AT&T (T) has had a dynamite year with the shares currently up 23% year-to-date and with a 4% dividend yield; most investors are more than satisfied. Despite such a strong bullish upward move this year, I believe that the current action is simply unwarranted. Through an examination of the fundamentals of the organization, I will seek to show the reader why the stock is due for a correction.
A traditional public organization seeks to maximize shareholder value. It does this through a variety of projects, acquisitions, and other undertakings which should ultimately add to the value of the firm. Over the past year, AT&T has added over $50 billion in value to shareholders. This value, in my opinion, is due to investor speculation rather than true value which arises from legitimate business operations.
The first data set I analyzed to determine AT&T's growth was the revenue growth rate.

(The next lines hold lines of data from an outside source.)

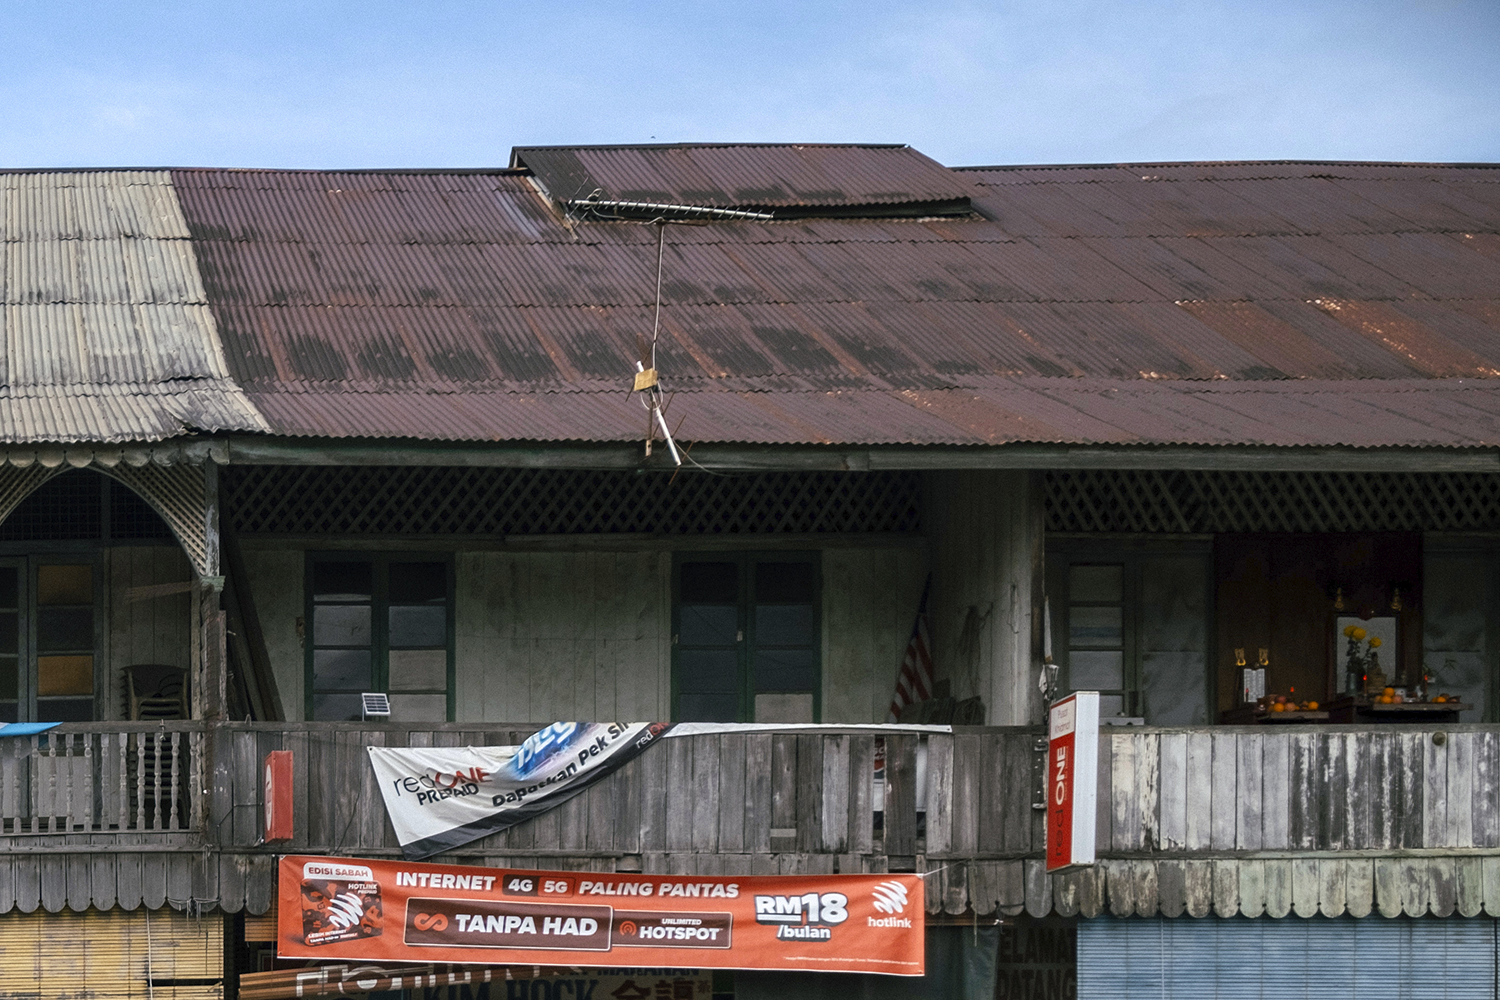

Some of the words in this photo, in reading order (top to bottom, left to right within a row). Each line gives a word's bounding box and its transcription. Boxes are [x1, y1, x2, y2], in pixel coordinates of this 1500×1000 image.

[417, 783, 479, 805] PREPAID
[308, 867, 333, 876] EDISI
[335, 868, 368, 877] SABAH
[396, 872, 496, 891] INTERNET
[508, 878, 533, 892] 4G
[543, 880, 568, 893] 5G
[579, 881, 653, 896] PALING
[658, 882, 740, 898] PANTAS
[755, 892, 849, 924] RM18
[455, 914, 537, 935] TANPA
[543, 917, 598, 936] HAD
[867, 916, 912, 928] hotlink
[639, 926, 720, 941] HOTSPOT
[776, 925, 831, 939] /bulan
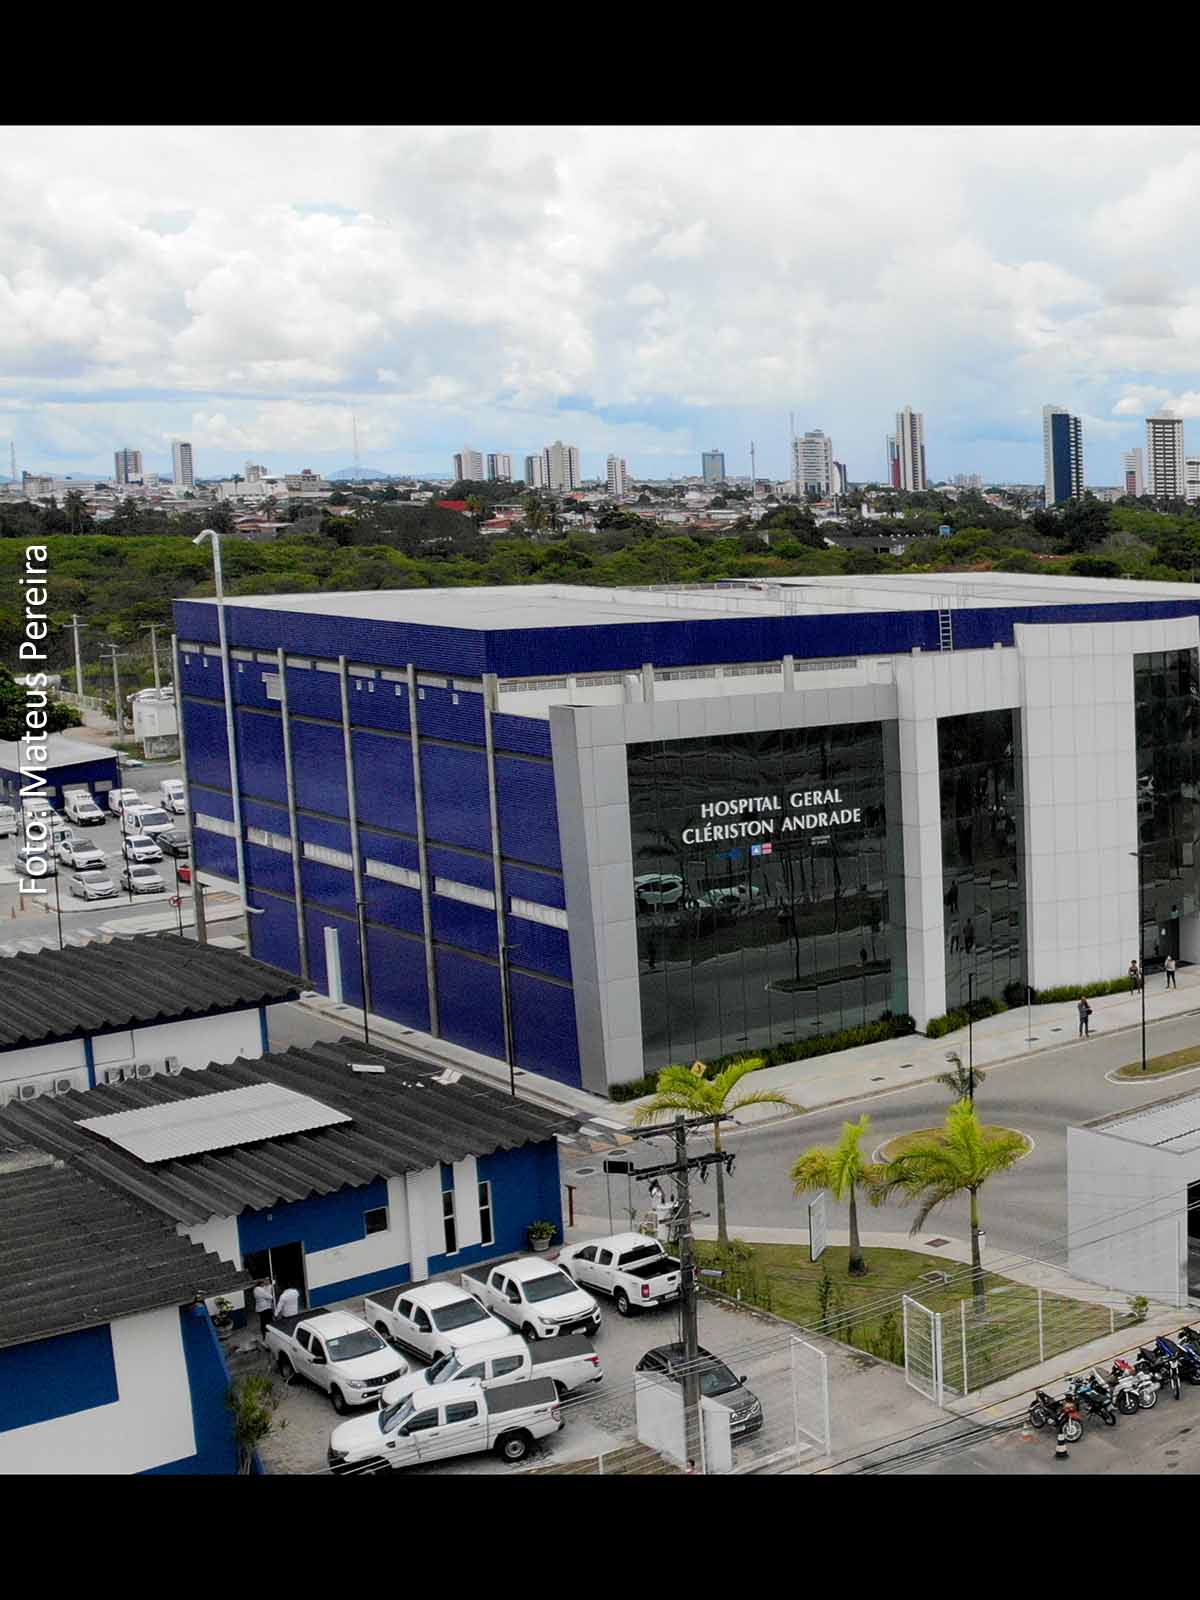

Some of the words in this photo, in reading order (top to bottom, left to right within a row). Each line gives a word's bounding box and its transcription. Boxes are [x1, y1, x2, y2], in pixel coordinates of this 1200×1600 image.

[701, 796, 782, 819] HOSPITAL
[790, 788, 843, 808] GERAL
[682, 819, 774, 845] CLÉRISTON
[782, 808, 861, 832] ANDRADE

If a firm is truly generating market-beating performance, then surely its revenues should be growing at a substantial rate.

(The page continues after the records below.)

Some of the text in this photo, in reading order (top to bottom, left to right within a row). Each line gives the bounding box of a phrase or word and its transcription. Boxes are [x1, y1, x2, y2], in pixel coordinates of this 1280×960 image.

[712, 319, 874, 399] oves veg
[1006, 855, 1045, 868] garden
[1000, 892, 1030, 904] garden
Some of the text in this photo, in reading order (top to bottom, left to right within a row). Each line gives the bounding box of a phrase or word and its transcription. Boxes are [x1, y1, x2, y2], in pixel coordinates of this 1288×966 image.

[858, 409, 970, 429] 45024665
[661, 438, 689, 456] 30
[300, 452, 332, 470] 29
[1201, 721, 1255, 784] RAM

As can easily be seen in the chart above, revenues have not grown at more than 2% per year in the past four years. Additionally, revenues are actually growing at such a slow rate that the company currently is flirting with declining revenues. In such a low growth environment, the prudent investor must begin to question if the recent rally in prices has been based on market speculation or true company performance.

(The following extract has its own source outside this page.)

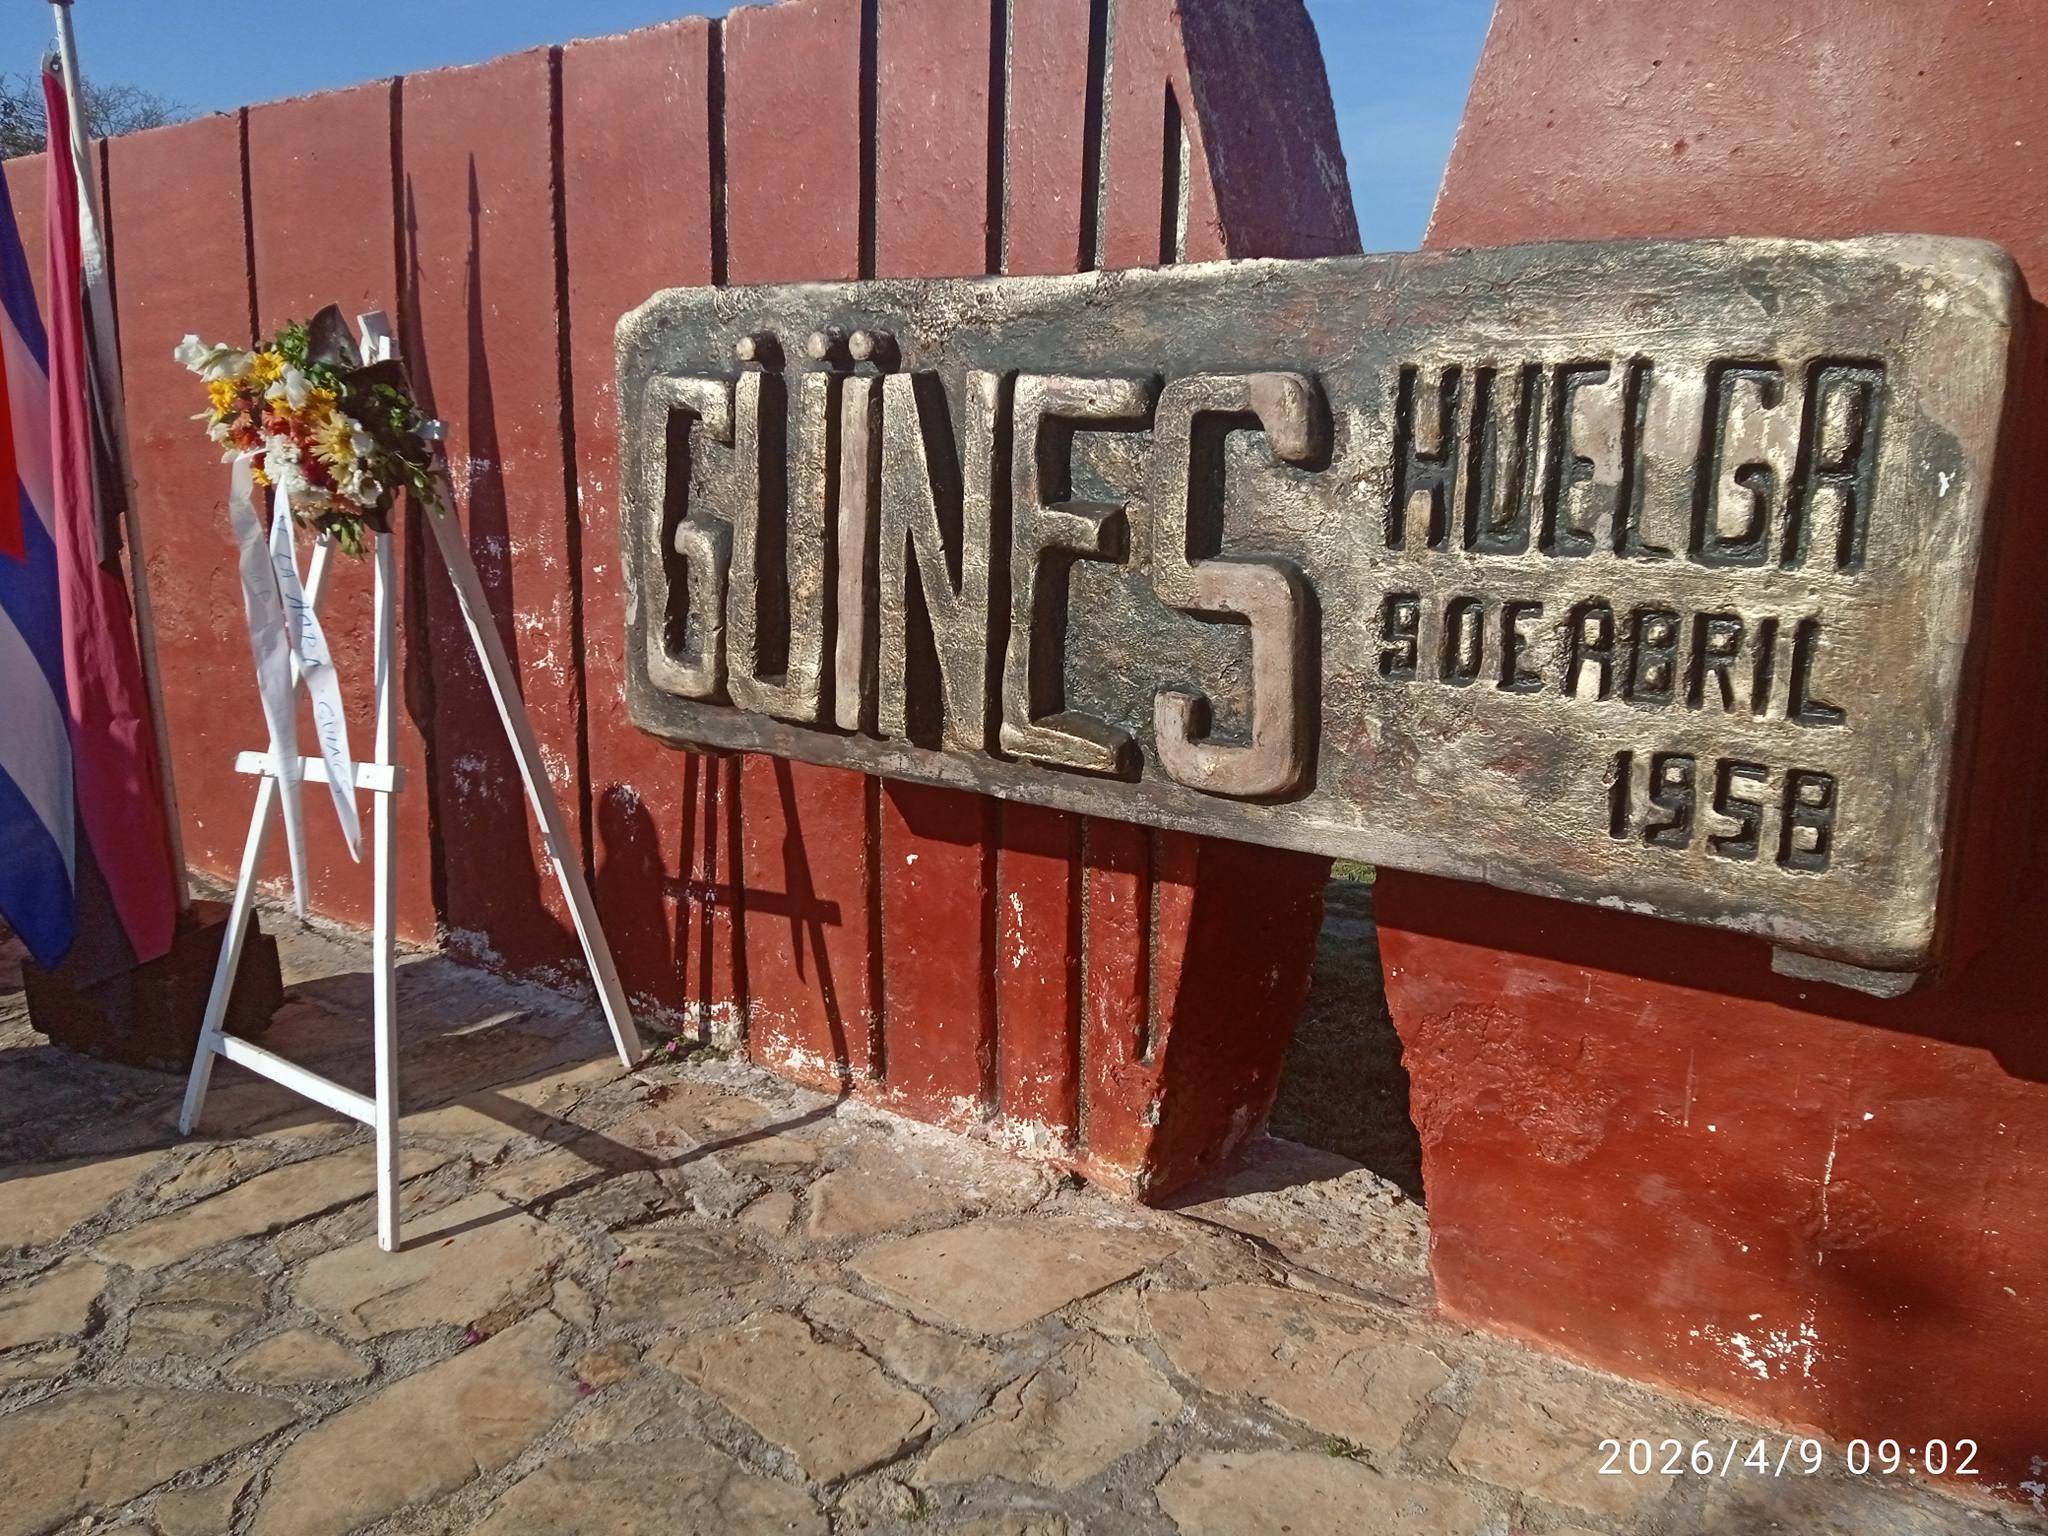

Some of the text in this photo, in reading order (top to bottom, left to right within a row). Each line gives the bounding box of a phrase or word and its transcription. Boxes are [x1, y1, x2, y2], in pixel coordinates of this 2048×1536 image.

[1385, 355, 1887, 570] HUELGA
[1378, 591, 1421, 679] 9
[1565, 595, 1847, 727] ABRIL
[1607, 748, 1839, 873] 1958

In light of current negligible growth rates, investors should begin to ask how the company is actually doing at satisfying its obligations. An effective way of measuring this performance is the current ratio. The current ratio is the current assets of the firm divided by the current liabilities of the firm. This ratio shows us a quick view of the firm's ability to satisfy its current obligations with its current assets. When the ratio is above 1, there is no cause for concern, but if it is below 1, it means that the firm could potentially have issues meeting its short-term obligations with its current assets.
As can be seen, AT&T has only had 3 quarters in the past 10 years in which they were financially healthy from a current ratio perspective. For the other 37 quarters however, AT&T has had nearly two times more current liabilities than current assets. This ratio is even more insightful in light of very low revenue growth rates. As revenues continue to flounder, the firm will continue to have a decreased current ratio since the firm is only able to retain very few of its earnings. This analysis is expanded in the following section.
Retention of Earnings
As if negligible revenue growth and a depressed current ratio aren't enough, AT&T has also had a catastrophic collapse in retained earnings. Retained earnings are the portion of earnings that the firm is able to invest back into itself at the end of the quarter. Historic retained earnings are shown in the below chart.
Since the sharp increase in 2010, the company has retained $23 billion less in earnings. This collapse represents nearly a 50% decrease in funds that the firm is investing back into its operations. This is significant in that it means that the firm is decreasing its ability to better itself in the future. When funds are retained rather than paid out as dividends, the firm is showing the market that it believes the best use of funds which would maximize shareholder value is investing right back into the organization. Due to the collapse in retained earnings, AT&T is demonstrating both that its earnings are collapsing and that it is no longer investing in itself at the levels it once deemed appropriate. To put the current levels of retained earnings in perspective, the retained earnings level has not been this low since 2003 - or when the stock price was 45% below current values. Does it make sense that a company which has decreased its internal investment to 10 year lows is progressively making new 52-week share-price highs?
The Big Picture
Rather than being caught up in the sensational headlines about AT&T, I believe that prudent investors should actually examine and seek to understand the fundamental picture of the company. Over the past four years, AT&T has not grown its revenue by even a moderate margin. A simple analysis of current assets and current liabilities shows that AT&T is vulnerable to short-term liability risk. Additionally, the firm is retaining less and less of its revenues each year. Despite all of this, the stock continues to make yearly highs. Why is this? I believe that it is pure investor speculation. Rather than examining the actual company, I feel that many are basing their decision making on what "could be" or the newest headlines of the organization. I believe that this simple analysis has shown that from a purely fundamental perspective that the organization is not growing, and the stock price is diverging from what is really happening within the company.
In order to best time my investments, I try to execute my fundamental beliefs technically. I have found that by basing my decisions in fundamental analysis and executing my trades using technical analysis, I am better able to time the market. This said, I have attached a historic weekly price chart of AT&T to show levels where I believe participation in this fundamental theory to be warranted. As can be seen, AT&T is in an undeniable uptrend which is progressively obtaining a steeper slope. Despite such a strong upward trend, I believe a reversal is in the making. Even if I am correct and prices do reverse in the near future, I do not see a reason to short until prices fall below $35 per share. Price traded around this point for the months of May and June and left a very clear retracement which, when violated, technically signals the end of the uptrend. Through this analysis, I have presented the fundamental argument for the decline in share price of AT&T; however, I suggest that we wait until prices fall below $35 before acting on this analysis. This will allow us to preserve precious capital in the event that the analysis is ill-timed or that prices continue their solid uptrend.